The little one that has taken flesh in Elizabeth’s aging body is intimately connected to the new life in Mary’s body, and Elizabeth feels it in her belly: “For as soon as I heard the sound of your greeting, the child in my womb leaped for joy. And blessed is she who believed that there would be a fulfillment of what was spoken to her by the Lord” (Luke 1:44–45). I know this feeling. I know the joyful quickening in my soul when I see the many seminarians I’ve mentored graduating and getting ordained to live out their own magnificent visions. I know the flutter in my stomach as I hear their sermons and podcasts, read their writings, and witness the transformative communities they are forming. I know the leap of joy when our young congregational president greets the church, leads council meetings, organizes in the street, and mentors fellow DACA recipients.

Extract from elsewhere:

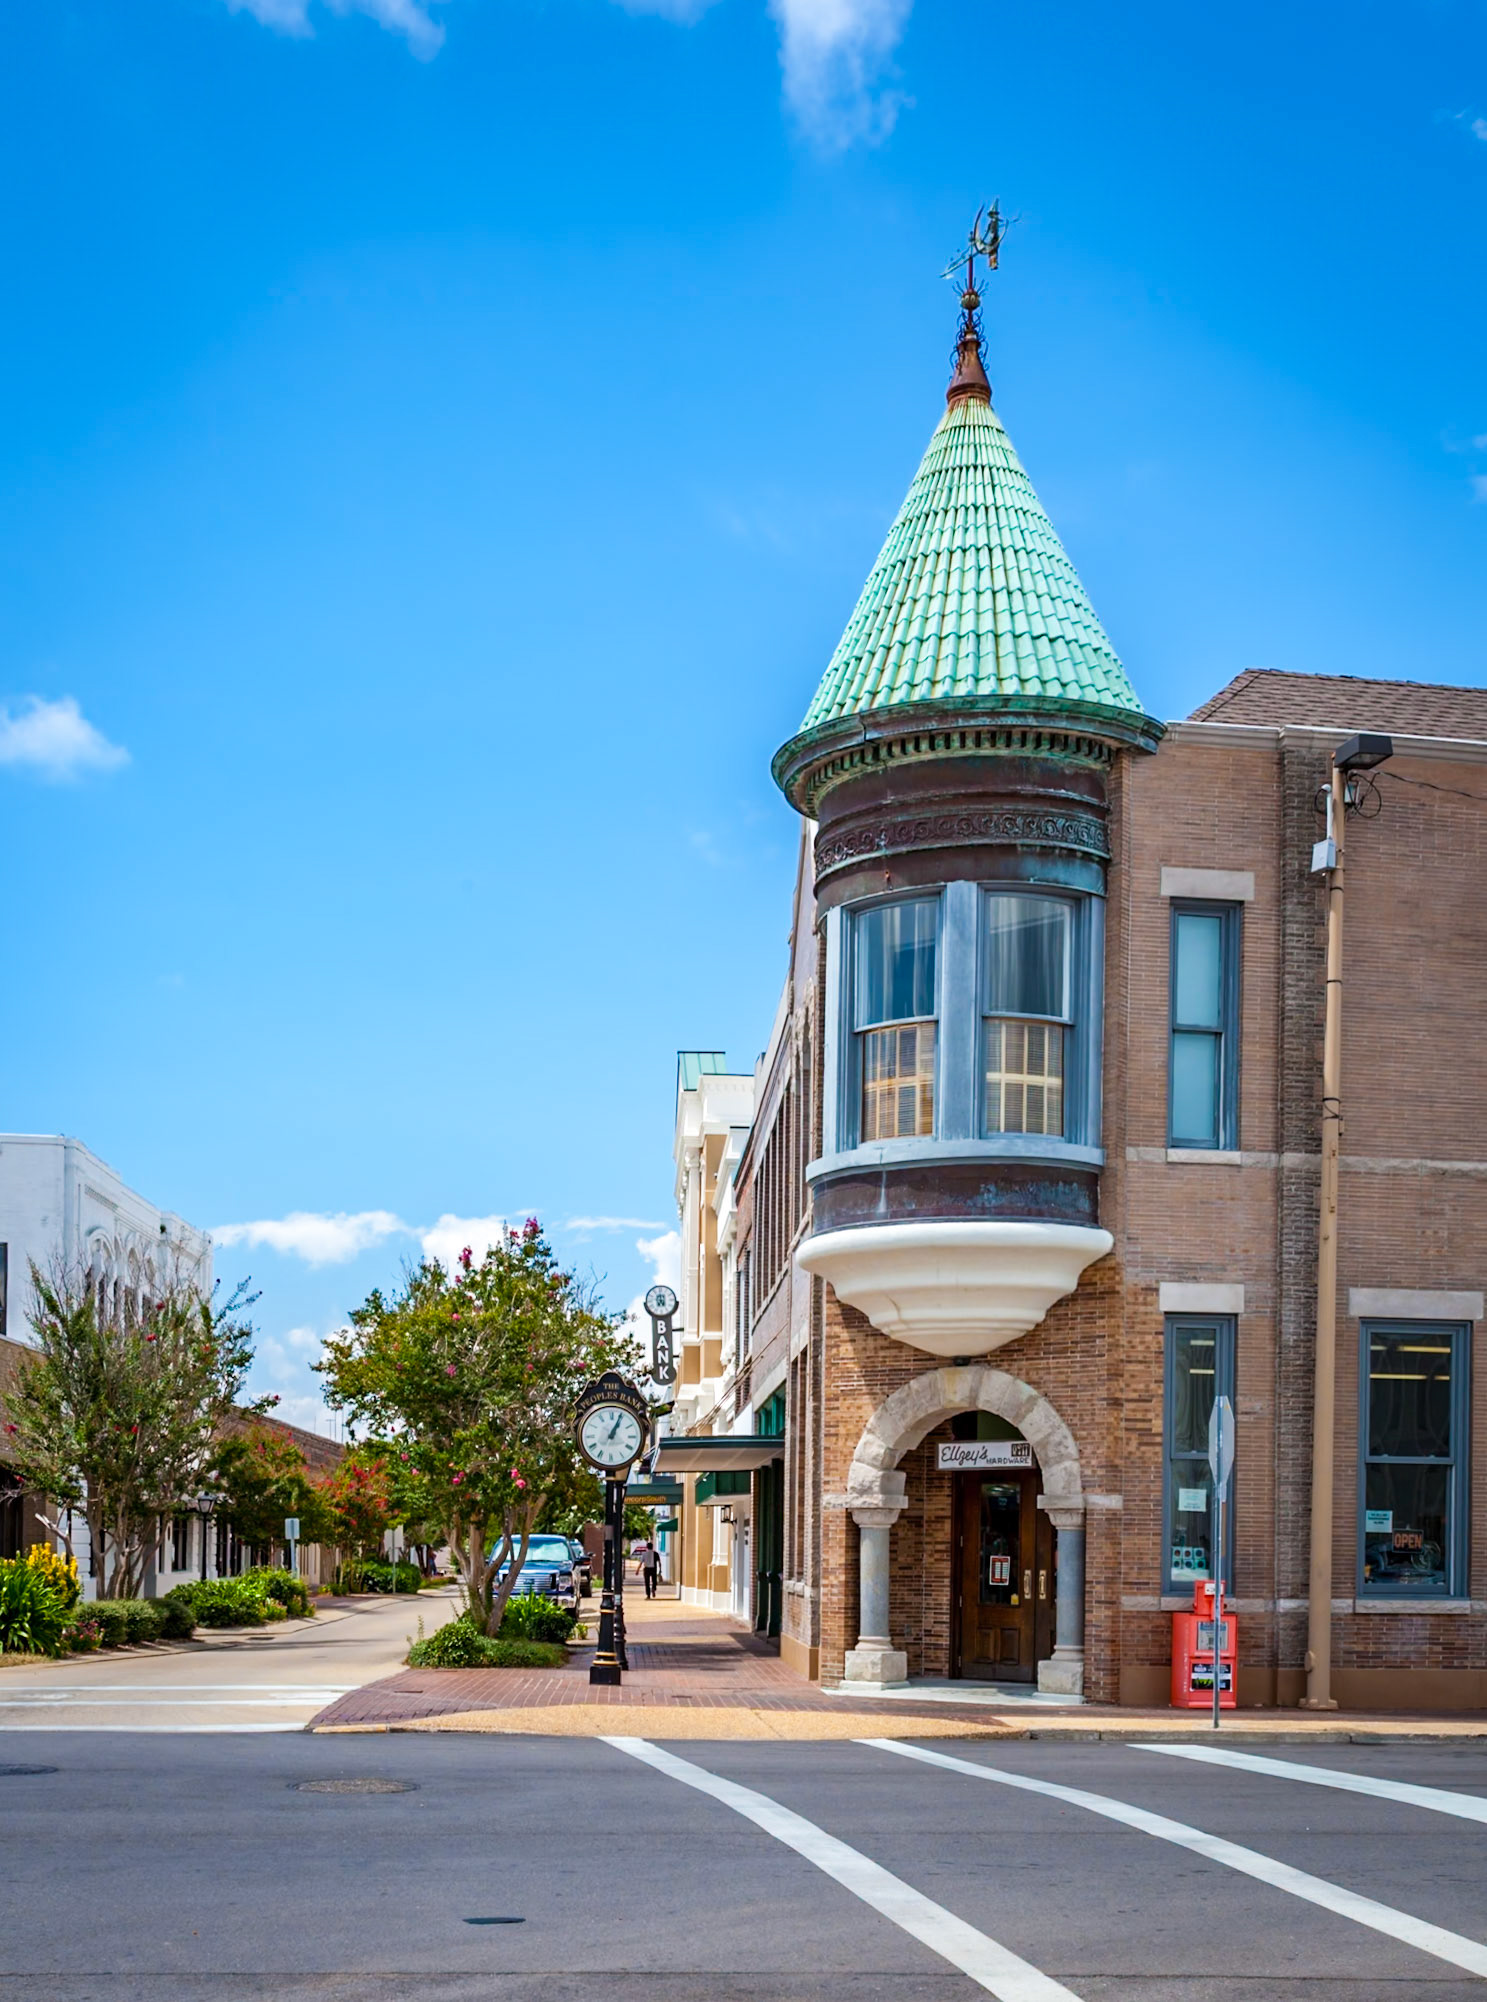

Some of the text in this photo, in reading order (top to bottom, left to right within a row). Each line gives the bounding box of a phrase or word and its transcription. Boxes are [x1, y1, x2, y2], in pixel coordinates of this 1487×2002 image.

As an older woman, I now notice this: both Mary and Elizabeth bear new life, but the older Elizabeth privileges the younger Mary’s pregnancy. Elizabeth prioritizes Mary’s need for hospitality and sanctuary and perhaps, most importantly, Elizabeth shows a preferential option for Mary’s voice and vision over her own. I want to learn how to pattern myself after Elizabeth. She utters a word of affirmation and blessing and steps aside so that the voice of Mary may sing out. Elizabeth models a way forward for older generations in the church: sometimes we must stand down, sit down, and be quiet, so that the voices and visions of another generation can be heard.
Elizabeth shows a preferential option for Mary’s voice and vision over her own. … She utters a word of affirmation and blessing and steps aside so that the voice of Mary may sing out.
In Advent Wee Worship, I handed out magnifying glasses to help us think about what it means when Mary sings: “My soul magnifies the Lord” (Luke 1:46). It’s easy to magnify all the other things that loom large and claim our full attention while the promises and words of God recede to the peripheral edges of our awareness, but Mary and Elizabeth model a different way. Elizabeth allows the tiny, kicking feet of John the Baptist to become a prophetic witness heralding the presence of Christ in Mary. Mary can’t yet feel any elbows or feet, perhaps just a faint flutter. She sings of a future too small to see, taking shape in her womb. Mary lifts up truth in a world that magnifies so many lies. Advent reminds us to look for the small flutters.